I had a good friend in Boston tell me he wouldn’t think about where his food came from. For him, food and ethics didn’t mix. For one thing, if he ate local, his home state would only produce fish and potatoes for him to eat year round. I hung onto his statement as I weeded my way across the country wondering if any of my consternation really mattered.
I think his point was: eating is so fundamental, so basic, if you think too hard about it you’ll ruin the beauty of it. And after living near a Harvard world where every shocking headline or new scientific study became a movement, a revolution, I took his skepticism seriously. Marion Nestle, a nutritionist, writes about her own confusion about why people worry so much about food, “For me, food is one of life’s greatest pleasures…[but] eventually I came to realize that, for many people, food feels nothing at all like a source of pleasure; it feels more like a minefield.”[i] To this point, I think my friend is right. We should not be anxious about our food as Nestle suggests – that only exacerbates the symptoms of our disordered eating. But I get ahead of myself.
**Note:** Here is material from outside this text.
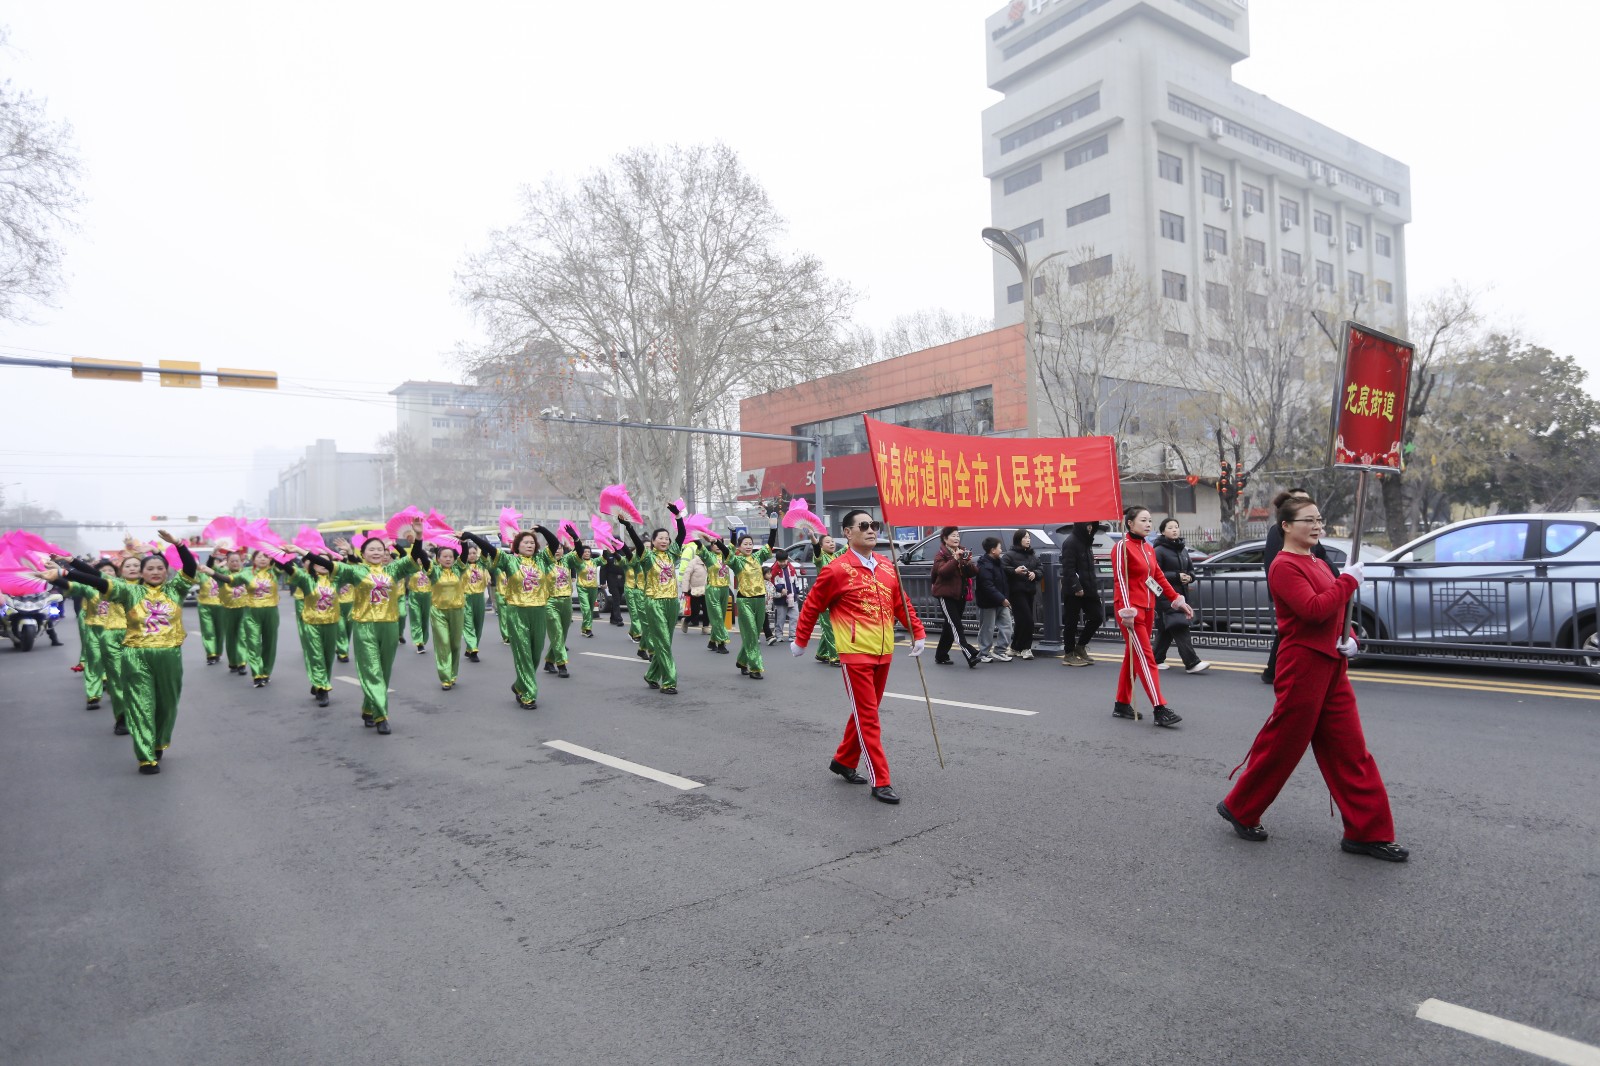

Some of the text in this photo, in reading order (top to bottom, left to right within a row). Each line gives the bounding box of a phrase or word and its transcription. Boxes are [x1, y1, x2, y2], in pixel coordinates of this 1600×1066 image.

After sitting in the weeds with my friend’s question long enough, I feel comfortable saying that ultimately I think he was wrong, for many reasons. These questions are complex, as mentioned above, and hard to make sense of (hence the anxiety Nestle talks about). One thing I have found hard is that no one brings the issues together. Books are written about concern the sustainability of our planet, animal rights, food safety, human health, human mental health, body image, economics, or cultural critiques about how we eat (i.e. fast and from a window or microwave).
So here a few of the reasons why, I think, to answer his question, “it matters.”
- To begin by responding to my friend’s comment about eating being so basic: It is because eating is so fundamental, so intimate, that it matters so much that we pay attention. The more we allow a basic element of life to be warped and abused, the more we ourselves become distorted.
Wendell Berry recognizes this distortion in his essay, “The Body and the Earth”. In his discussion about the isolation of the body (from soul, earth, community, etc.) he criticizes the fallacy of the separation of body and soul that is often expressed in religion. He writes:
“You cannot devalue the body and value the soul – or value anything else…contempt for the body is invariably manifested in contempt for other bodies…Relationships with all other creatures become competitive and exploitive rather than collaborative and convivial. The world is seen and dealt with, not as an ecological community, but as a stock exchange, the ethics of which are based on the tragically misnamed “law of the jungle”…The body is degraded and saddened by being set in conflict against the Creation itself, of which all bodies are members, therefore members of each other. The body is thus sent to war against itself.”[ii]
If the health of our being (body & soul) is connected, then things connected to our body, namely food and the animals and earth from which it comes, matters. Ultimately we cannot separate ourselves from our bodies, or the earth, or from one another without bringing harm upon ourselves.
- Americans have a particularly tenuous relationship with food. It is amazing to me the full spectrum of distorted relationships that exist. While many of the food critics out there focus on the ecological problems of food production, many overlook our problems with obesity (and all the health issues related to it), people who struggle with addiction to food (even if they are not overweight), and so many who deprive themselves of nourishment, withholding food for control and distorted body images. Our nation clearly has an eating disorder; perhaps, more then one.
We have diet plans being born each day with new followers eagerly overthrowing their current eating habits for the next quick fix. There are new products invented to excite the shopper (often the child) like Oreo cereal, and fruit snacks “packed with so much real fruit juice your kids won’t know they’re eating fruit.” There are people who don’t know what a tomato plant looks like or that carrots grow underground.
We have 3,900 calories available to each person each day in our country (nearly twice the amount the average adult needs), and yet families still go hungry.[iii]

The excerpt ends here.